『珍藏版』Cell发布“相分离”研究指南
编译丨QY、赤贞
责编丨迦溆
图片引自:https://www.nyas.org
细胞是生物体结构和功能的基本单位,细胞内的各种组分如何在正确的时间以及空间上聚集以执行其相应的功能,是细胞在一系列基本的生命活动中需要解决的问题。为此,细胞进化出了一系列的细胞器,包括有膜包裹的(比如线粒体,细胞核,溶酶体等)和无膜包裹的细胞器(核仁等)。有膜包裹的细胞器将特定蛋白、核酸等物质包裹起来,以在特定的空间内执行其功能,如果这些蛋白或者核酸脱离特定的位置,将导致严重的后果(比如,细胞色素C释放到细胞质,将导致细胞凋亡,核酸释放到细胞质,将导致innate immune signaling pathway 的激活)。另一类无膜包裹的细胞器是如何形成,以及其物理化学本质,是困扰了大家多年的问题。

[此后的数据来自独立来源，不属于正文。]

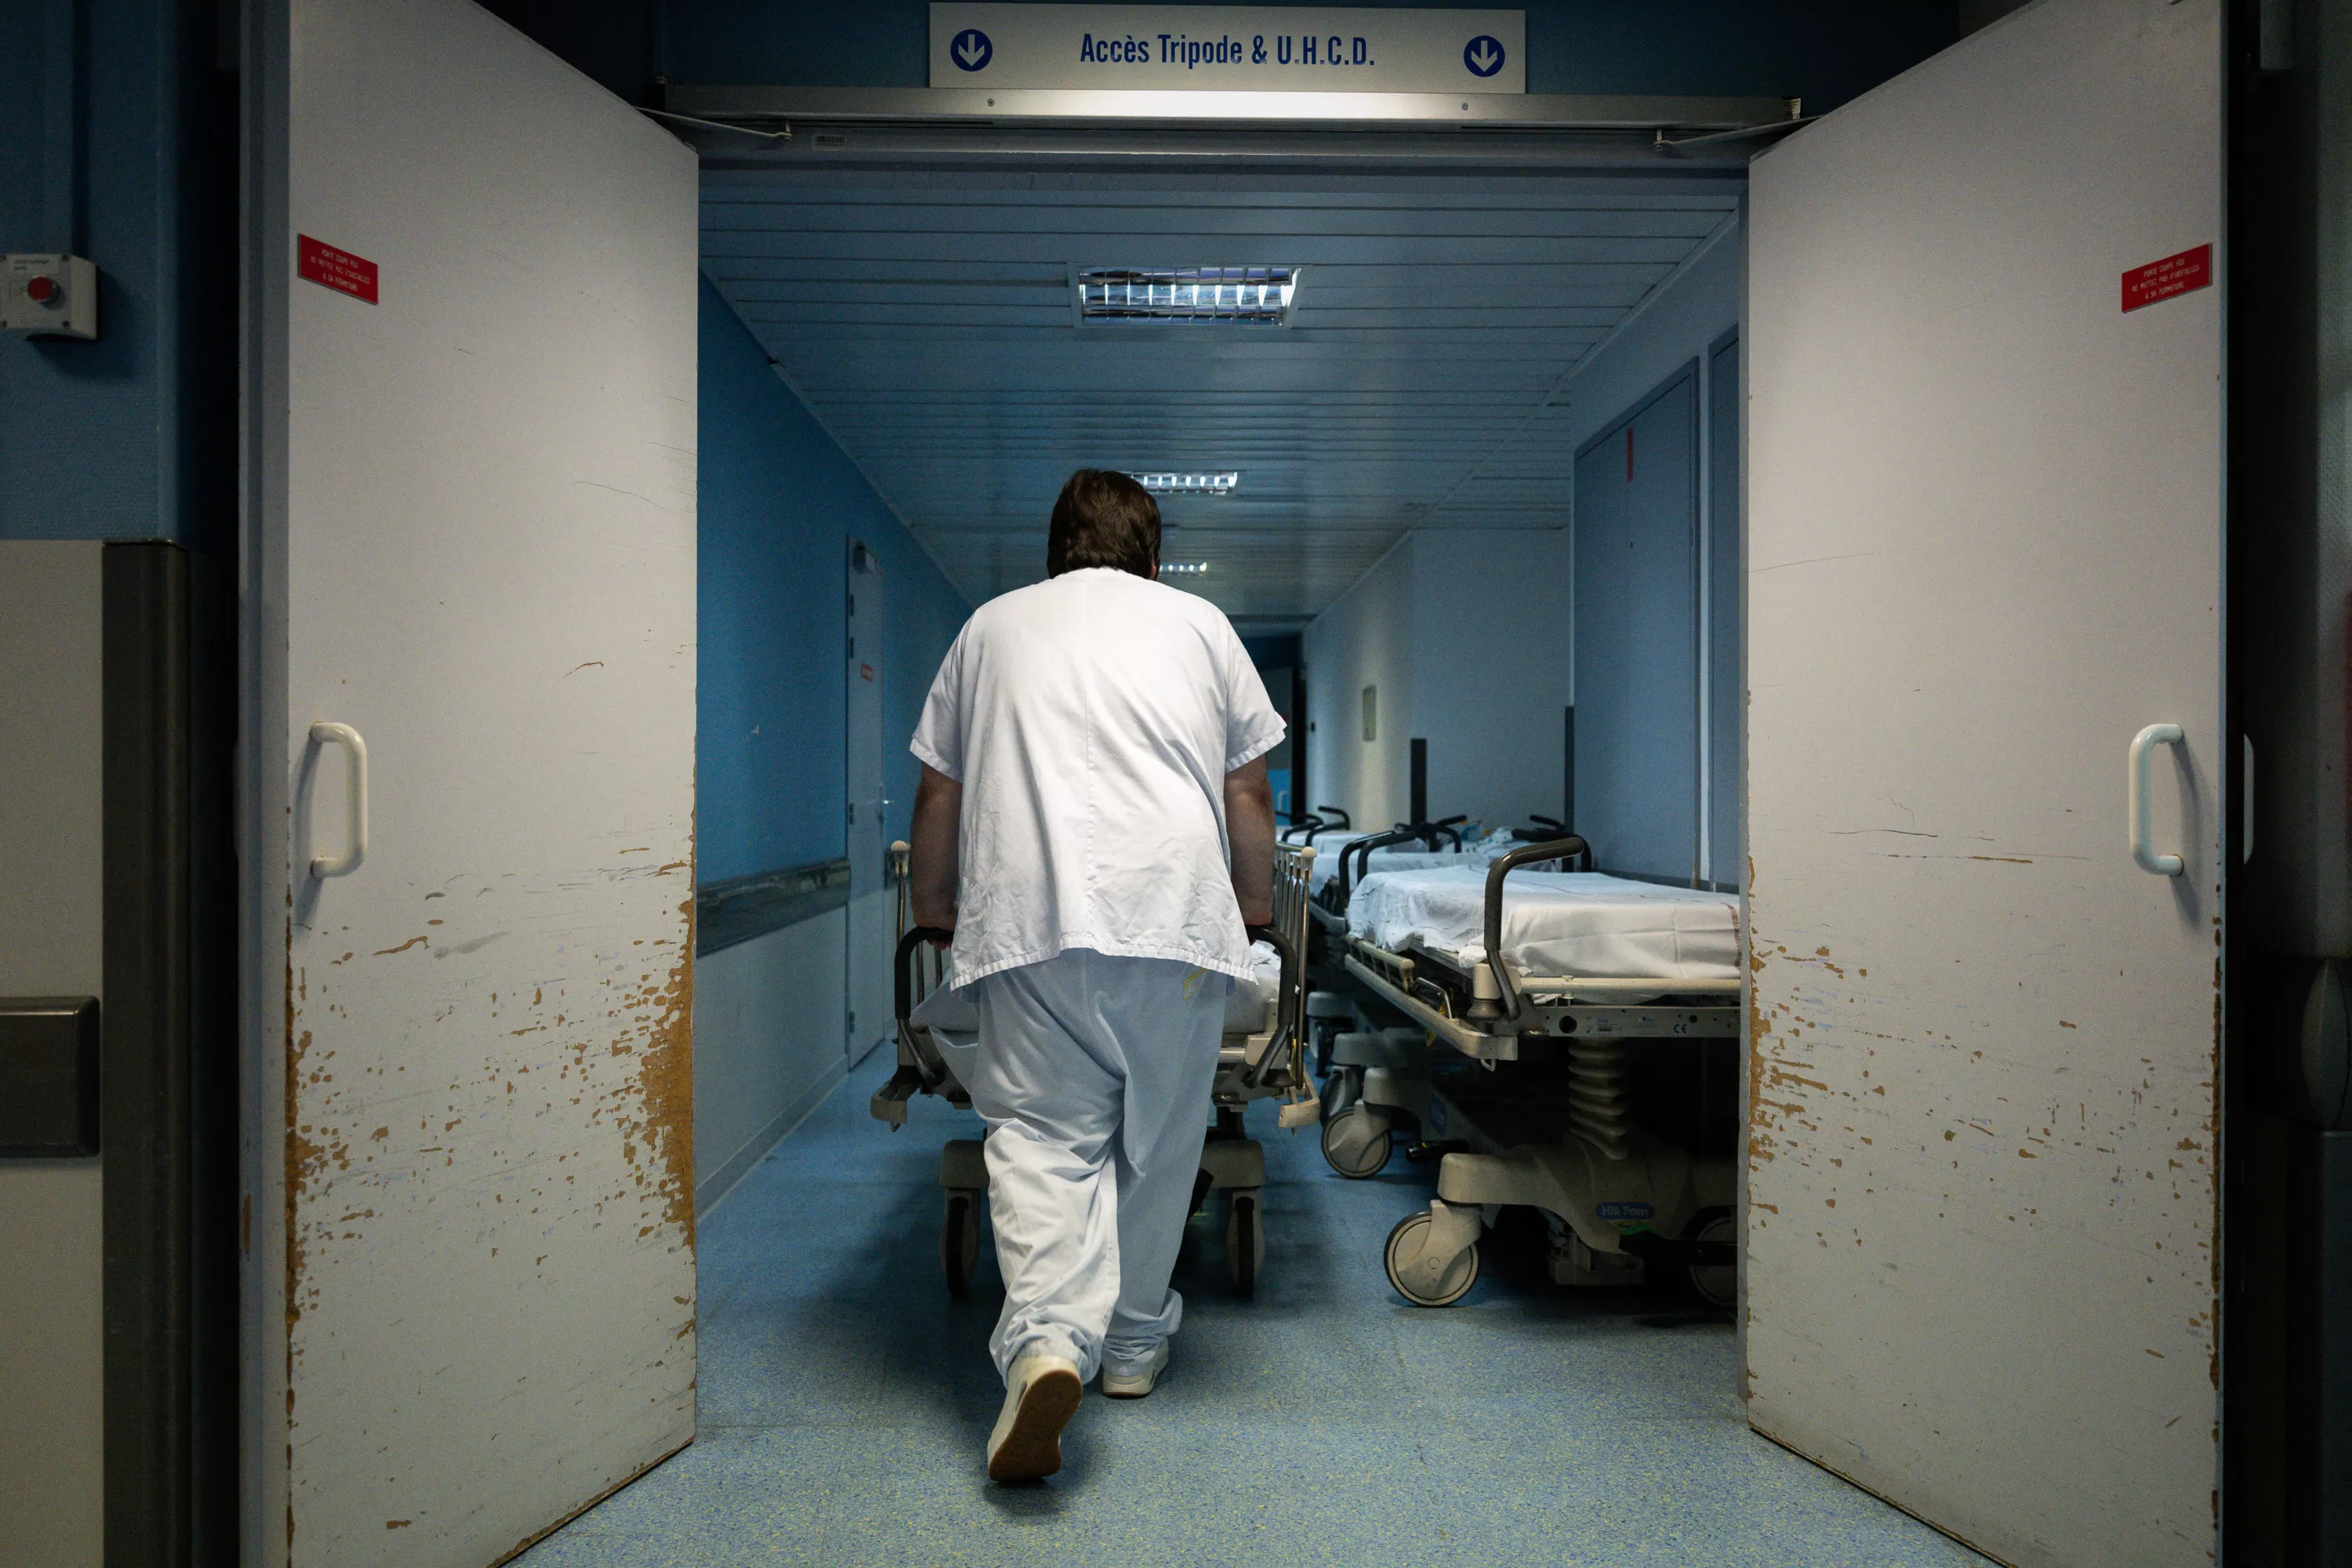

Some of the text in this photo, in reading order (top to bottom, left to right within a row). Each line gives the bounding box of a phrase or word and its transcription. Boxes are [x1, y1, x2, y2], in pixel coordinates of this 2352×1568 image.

Hyman和Brangwynne 2009年在Science发表了题为:Germline P granules are liquid droplets that localize by controlled dissolution/condensation 的文章【1】,提出了细胞内通过“相分离”,可以提供一种特定的方式让细胞内的特定分子聚集起来,从而在“混乱的”细胞内部形成一定“秩序”,为困扰了大家多年的问题,提供了全新的思路。近几年的研究表明,液-液相分离(LLPS:liquid-liquid phase separation)可能是细胞形成无膜细胞器的物理化学基础,比如细胞内的p granule, nucleolar, stress granule等(图1)。
图1:细胞的的相分离结构。(引自参考文献【2】)
LLPS也被报道在一些疾病(如:癌症,以及神经退行性疾病等)的发生发展过程中起着非常重要的作用。相分离领域已经成为生命科学领域研究的热点,相关的文章近年来呈现井喷似的增长(见文末的延伸阅读:Bioart 系列解读)。(另外,Brangwynne在iBiology上面有三期的讲座,对这个领域的历史,以及其实验室相关的此方面的开创性工作做了非常具体的介绍,题目为:Liquid Phase Separation in Living Cells。链接:https://www.ibiology.org/biophysics/liquid-phase-separation-in-living-cells/ )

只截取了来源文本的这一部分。